■ WHAT TO WORK ON
From the line that includes "this 1383×2048 image." to the last line of the data, quote each line precisely; both boundary lines belong in the answer.

■ INPUT DATA
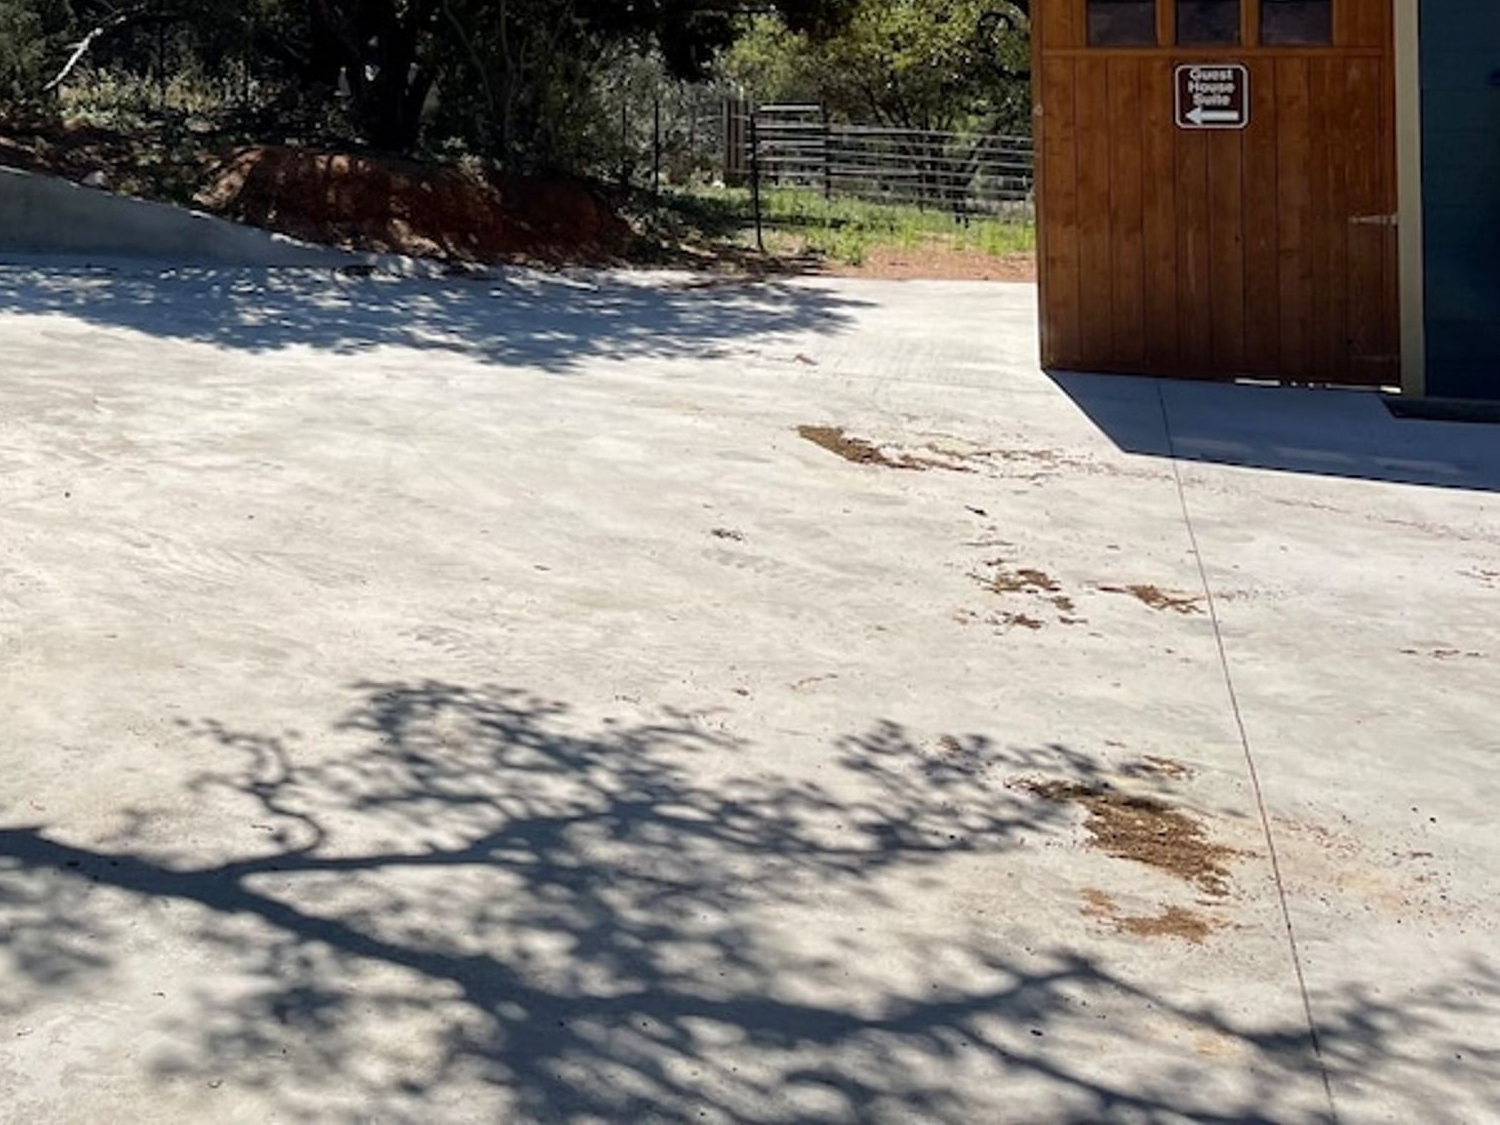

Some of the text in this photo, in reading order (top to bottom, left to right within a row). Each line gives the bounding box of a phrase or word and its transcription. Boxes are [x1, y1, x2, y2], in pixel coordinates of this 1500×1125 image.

[1189, 68, 1233, 81] Guest
[1187, 80, 1235, 93] House
[1192, 93, 1231, 106] Suite
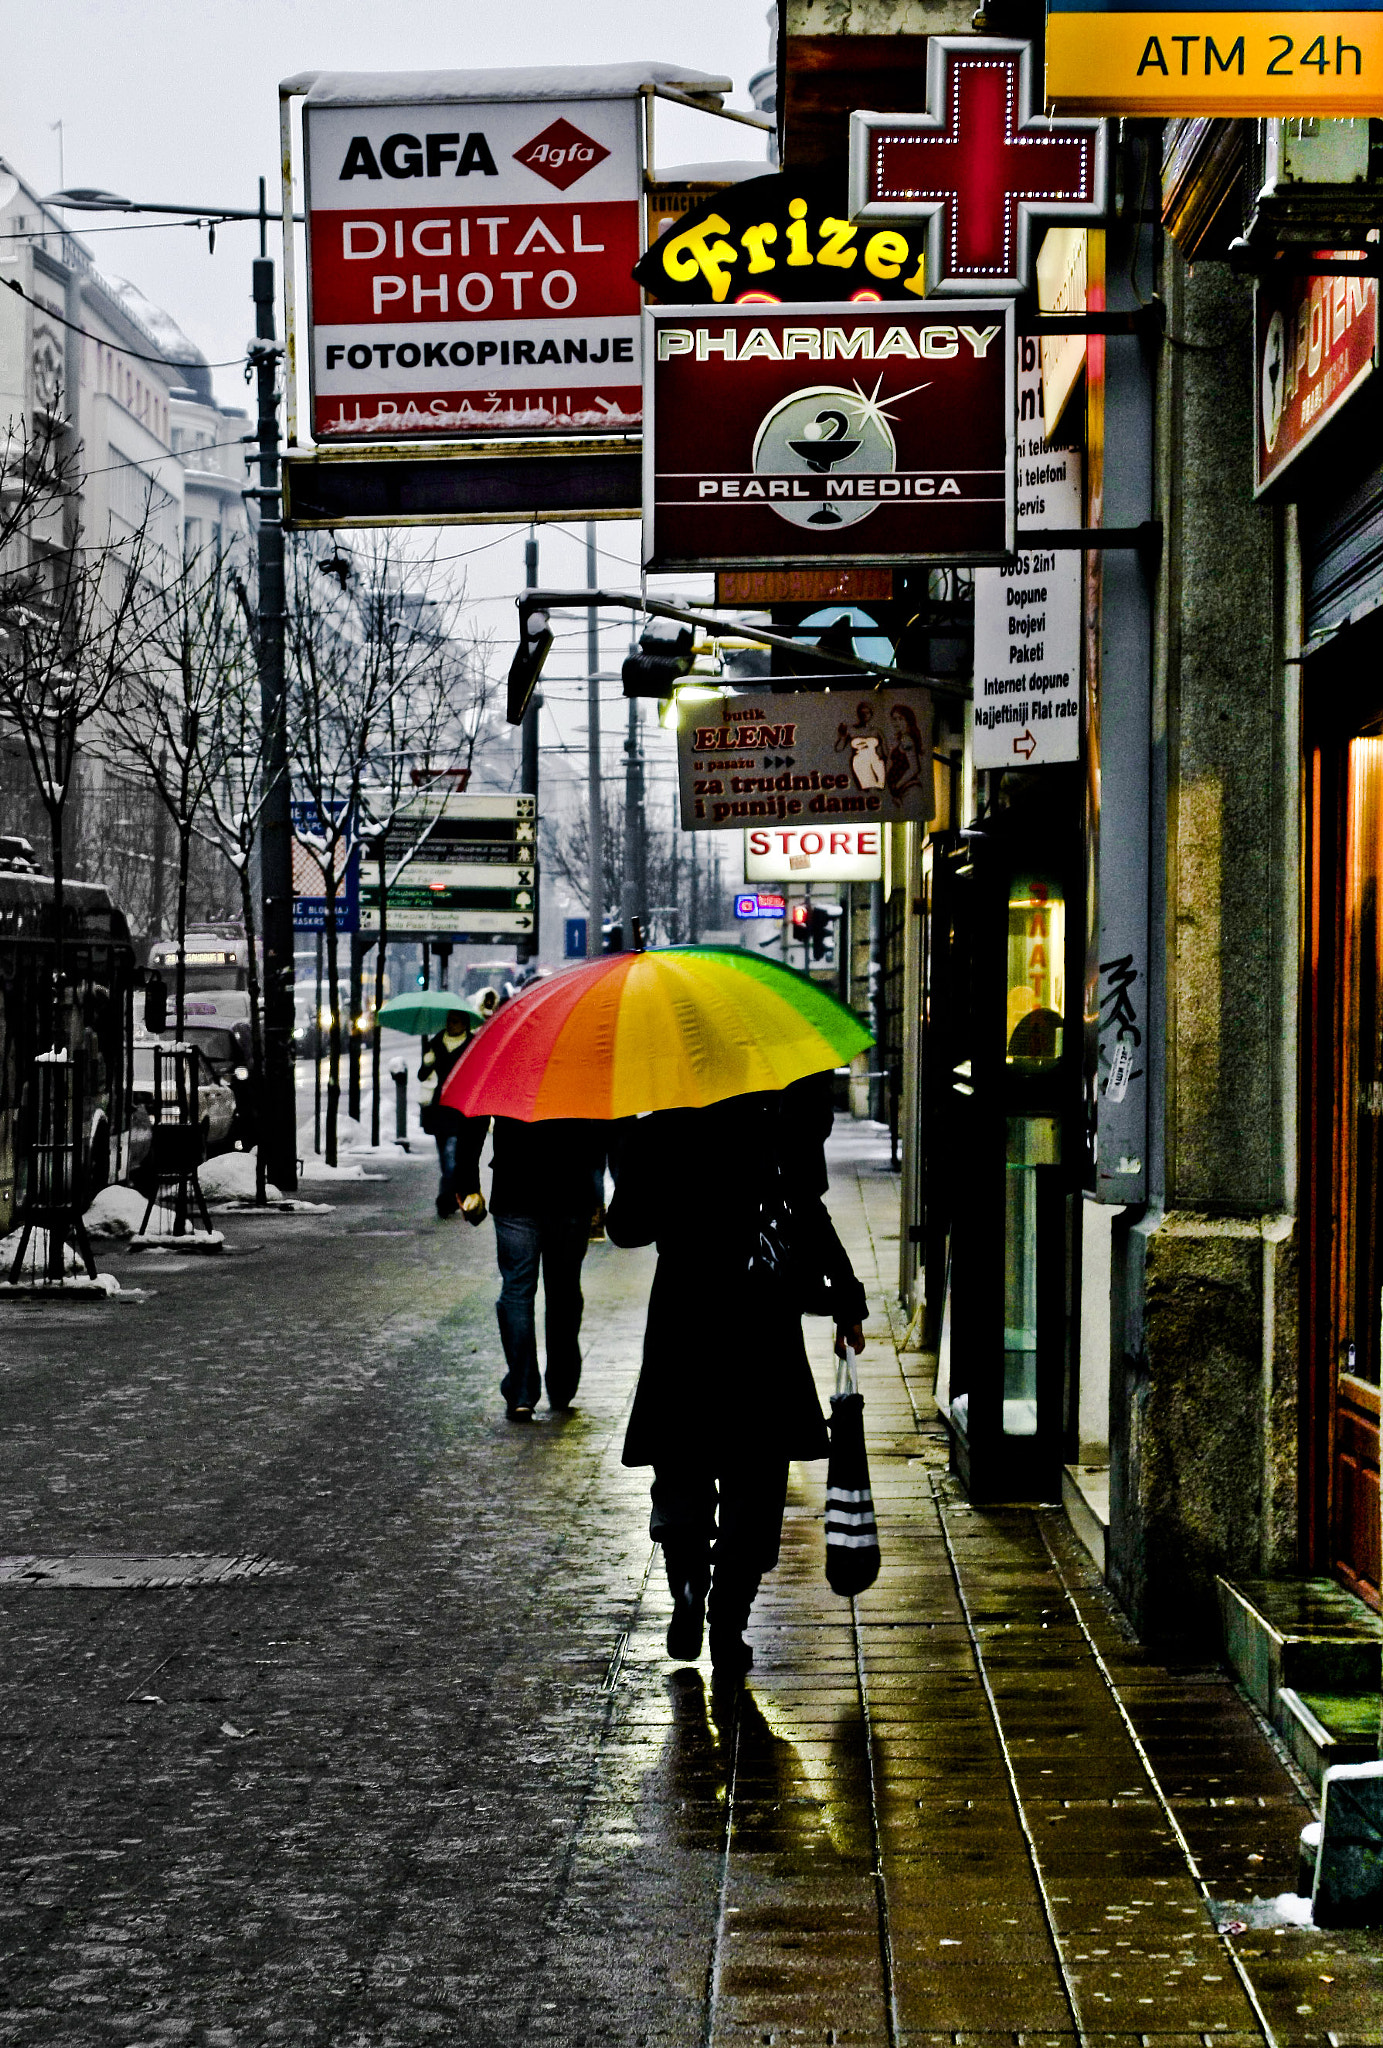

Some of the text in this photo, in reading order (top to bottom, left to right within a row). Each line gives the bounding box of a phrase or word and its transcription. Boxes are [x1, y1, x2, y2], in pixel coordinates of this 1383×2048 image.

[1136, 34, 1362, 76] ATM 24h
[338, 132, 499, 181] AGFA
[526, 142, 595, 168] Agfa
[342, 214, 605, 260] DIGITAL
[373, 269, 578, 315] PHOTO
[325, 337, 634, 370] FOTOKOPIRANJE
[657, 325, 1002, 361] PHARMACY
[1026, 461, 1067, 487] telefoni
[698, 478, 961, 498] PEARL MEDICA
[1033, 552, 1056, 573] 2in1
[1006, 586, 1048, 610] Dopune
[1008, 613, 1046, 638] Brojevi
[1009, 642, 1044, 664] Paketi
[984, 671, 1070, 696] Internet dopune
[722, 708, 766, 722] butik
[975, 699, 1078, 730] Najjeftiniji Flat rate
[694, 723, 798, 751] ELENI
[693, 761, 704, 771] u
[694, 771, 849, 795] za trudnice
[695, 793, 881, 821] i punije dame
[749, 830, 878, 856] STORE
[292, 917, 345, 926] RASKRSU

■ WRITTEN ANSWER
Some of the text in this photo, in reading order (top to bottom, left to right within a row). Each line gives the bounding box of a phrase or word and its transcription. Boxes are [x1, y1, x2, y2], in pixel coordinates of this 1383×2048 image.

[1136, 34, 1362, 76] ATM 24h
[338, 132, 499, 181] AGFA
[526, 142, 595, 168] Agfa
[342, 214, 605, 260] DIGITAL
[373, 269, 578, 315] PHOTO
[325, 337, 634, 370] FOTOKOPIRANJE
[657, 325, 1002, 361] PHARMACY
[1026, 461, 1067, 487] telefoni
[698, 478, 961, 498] PEARL MEDICA
[1033, 552, 1056, 573] 2in1
[1006, 586, 1048, 610] Dopune
[1008, 613, 1046, 638] Brojevi
[1009, 642, 1044, 664] Paketi
[984, 671, 1070, 696] Internet dopune
[722, 708, 766, 722] butik
[975, 699, 1078, 730] Najjeftiniji Flat rate
[694, 723, 798, 751] ELENI
[693, 761, 704, 771] u
[694, 771, 849, 795] za trudnice
[695, 793, 881, 821] i punije dame
[749, 830, 878, 856] STORE
[292, 917, 345, 926] RASKRSU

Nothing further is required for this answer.